10 Apr 2003
Our Embedded Correspondents
We’ve been hearing a good deal about “embedding” lately. Journalists traveling with an invading army are not exactly like complex software contained inside end-user hardware devices, but the word does get around. In the part of the world you and I live in, where “embedding” refers to putting free software inside, there have also been some interesting developments.
Free software PDAs are becoming common this season. A recent “handhelds” convention in Cambridge, Massachusetts showcased hundreds of real-life applications built around PDAs using free software to achieve levels of functionality difficult or impossible with the more traditional palmtop operating systems.
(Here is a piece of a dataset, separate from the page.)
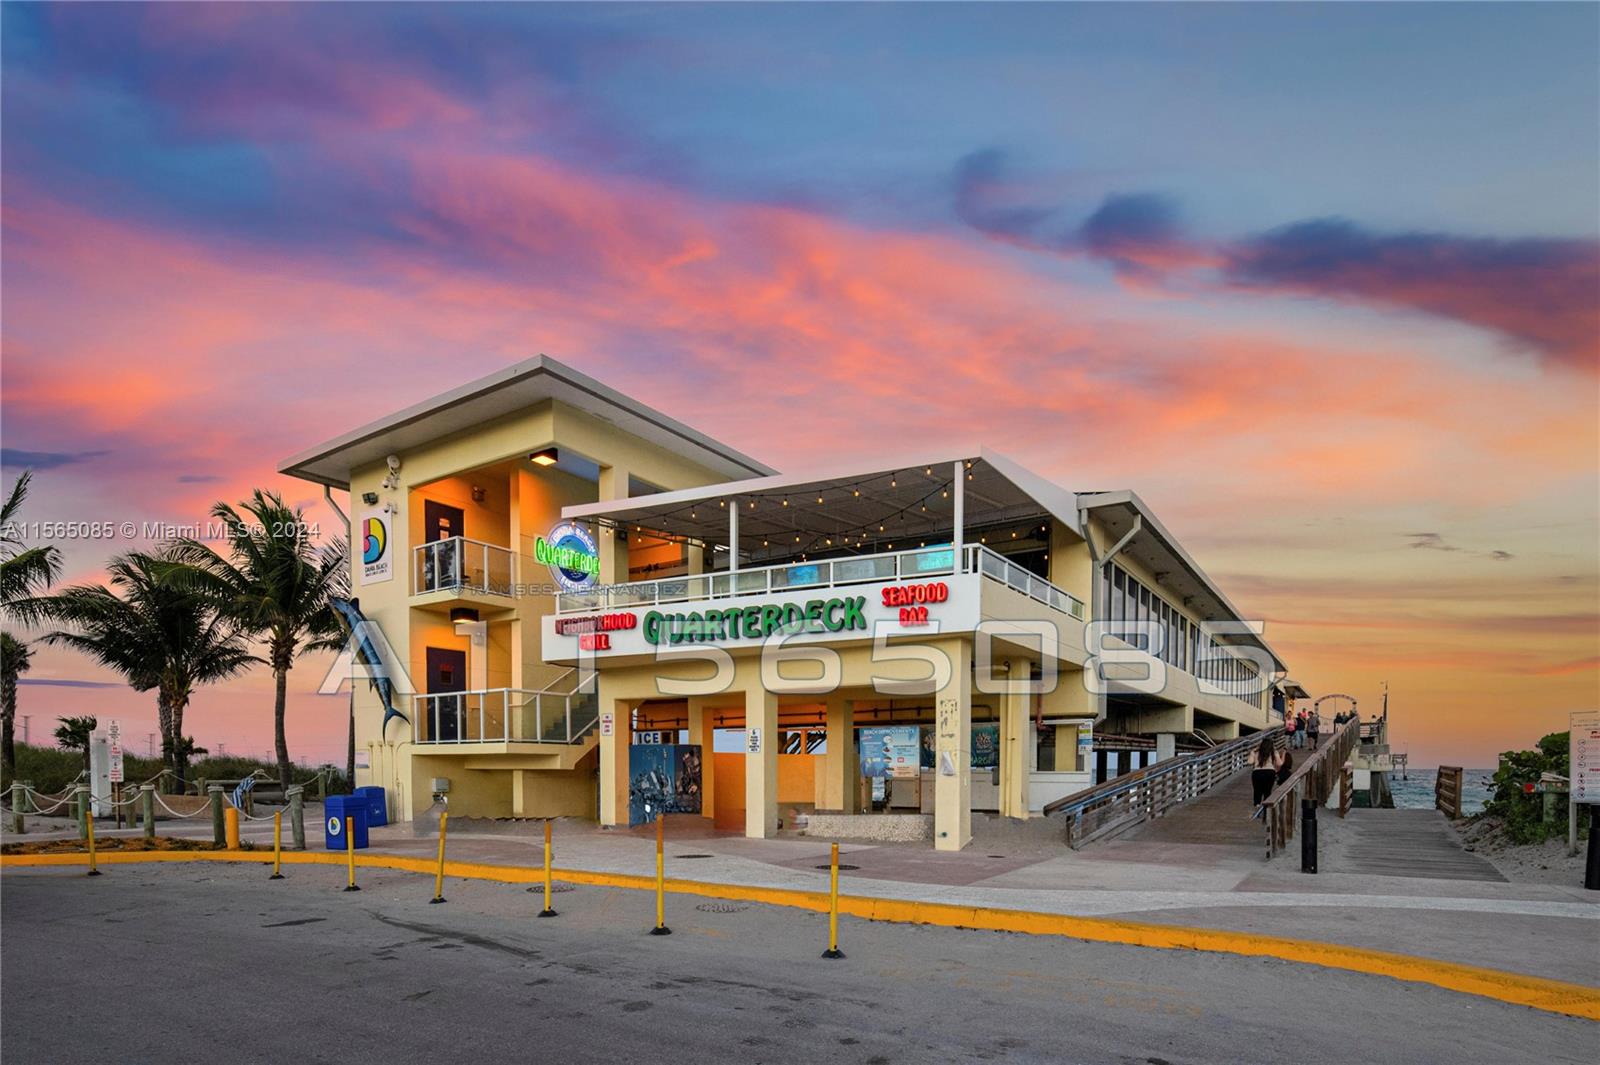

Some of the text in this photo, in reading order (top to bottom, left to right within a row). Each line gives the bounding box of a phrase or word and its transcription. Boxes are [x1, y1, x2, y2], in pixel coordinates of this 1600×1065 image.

As free software starts its inevitable climb to ascendancy in the palmtop world, it is also making its debut in the other most important segment of the embedded market: cellular telephones. At least half of the world’s largest manufacturers of cellphones are committed to bringing free software-equipped products to market in the near future.
One of the consequences of the move to free software inside is that the non-free software inside gains immediate competition. The OpenZaurus project has already almost completely achieved the goal of replacing all the proprietary software inside Sharp’s Zaurus PDA with free software, allowing full user modification and improvement of the entire codebase. Cellphones equipped by the manufacturers with partially free software will turn out to be equally important platforms for all-free development, which will hasten the commoditization of the hardware, driving down prices for consumers and increasing available functionality and ease of use. Manufacturers are turning to free software in an attempt to limit their development costs; in doing so they continue to spread the revolutionary basic idea that software in the 21st century is a public utility, not a domain of private property rights.
All of which leaves Microsoft in a particularly tight spot. Manufacturers are switching to an embedded OS that they can customize and redistribute without paying license fees. Sophisticated users are becoming accustomed to the possibility of modifying the entire operating platform in their devices. If Microsoft tries to exist in the embedded market on its traditional business terms, it will fail there. And because the most influential computer at any given moment, as my colleague Gerry Sussman of MIT has repeatedly pointed out, is the smallest computer that can do real work, to be locked out of the palmtop and cellphone markets would spell doom to Microsoft overall.
The response? Microsoft begins adopting copyleft. Just this week Microsoft announced new terms for its “shared source license” for the Windows CE embedded operating system. Wince is now available under a source code license that permits modification and distribution of derivative works provided (hold on to your hats here) that “you do so only under this License.” After years of disgracefully bad-mouthing the GPL for being “viral,” “infectious,” and even “a cancer on the intellectual property system,” Microsoft has now released its first “viral” license. Hoorah for progress.
Of course, the monopoly has not actually abandoned the cause of unfreedom. The new Wince “shared source” license is an example of a previously unobserved species: the unfree copyleft license. Recipients of the Wince source code can modify and redistribute only for “non-commercial” purposes, and “running your business” is defined as commercial use. So if you modify Wince in order to run specialized applications that you yourself have written and that have commercial value, you cannot distribute your OS modifications. Microsoft, in short, achieves with its “shared source license” the very bad outcome that it has inaccurately claimed is caused by the GPL. Though Microsoft has repeatedly launched major rhetorical strikes on the GPL, we always knew that their hostility was a concealed form of admiration. Now that they are imitating us, we know for sure.
Nonetheless, the non-commercial use restriction will prevent the new copyleft philosophy at Microsoft from reversing the inevitable decline of the product: not until Wince becomes truly free software can it compete effectively against code available for embedding in consumer devices at zero marginal cost. Microsoft’s partial adoption of the copyleft ethic won’t work, but even this little abject surrender to reality speaks volumes: the proprietary model of software creation is dying, while the free software model is gaining strength everywhere. Everywhere any kind of software is, inside or outside, Free Software Matters.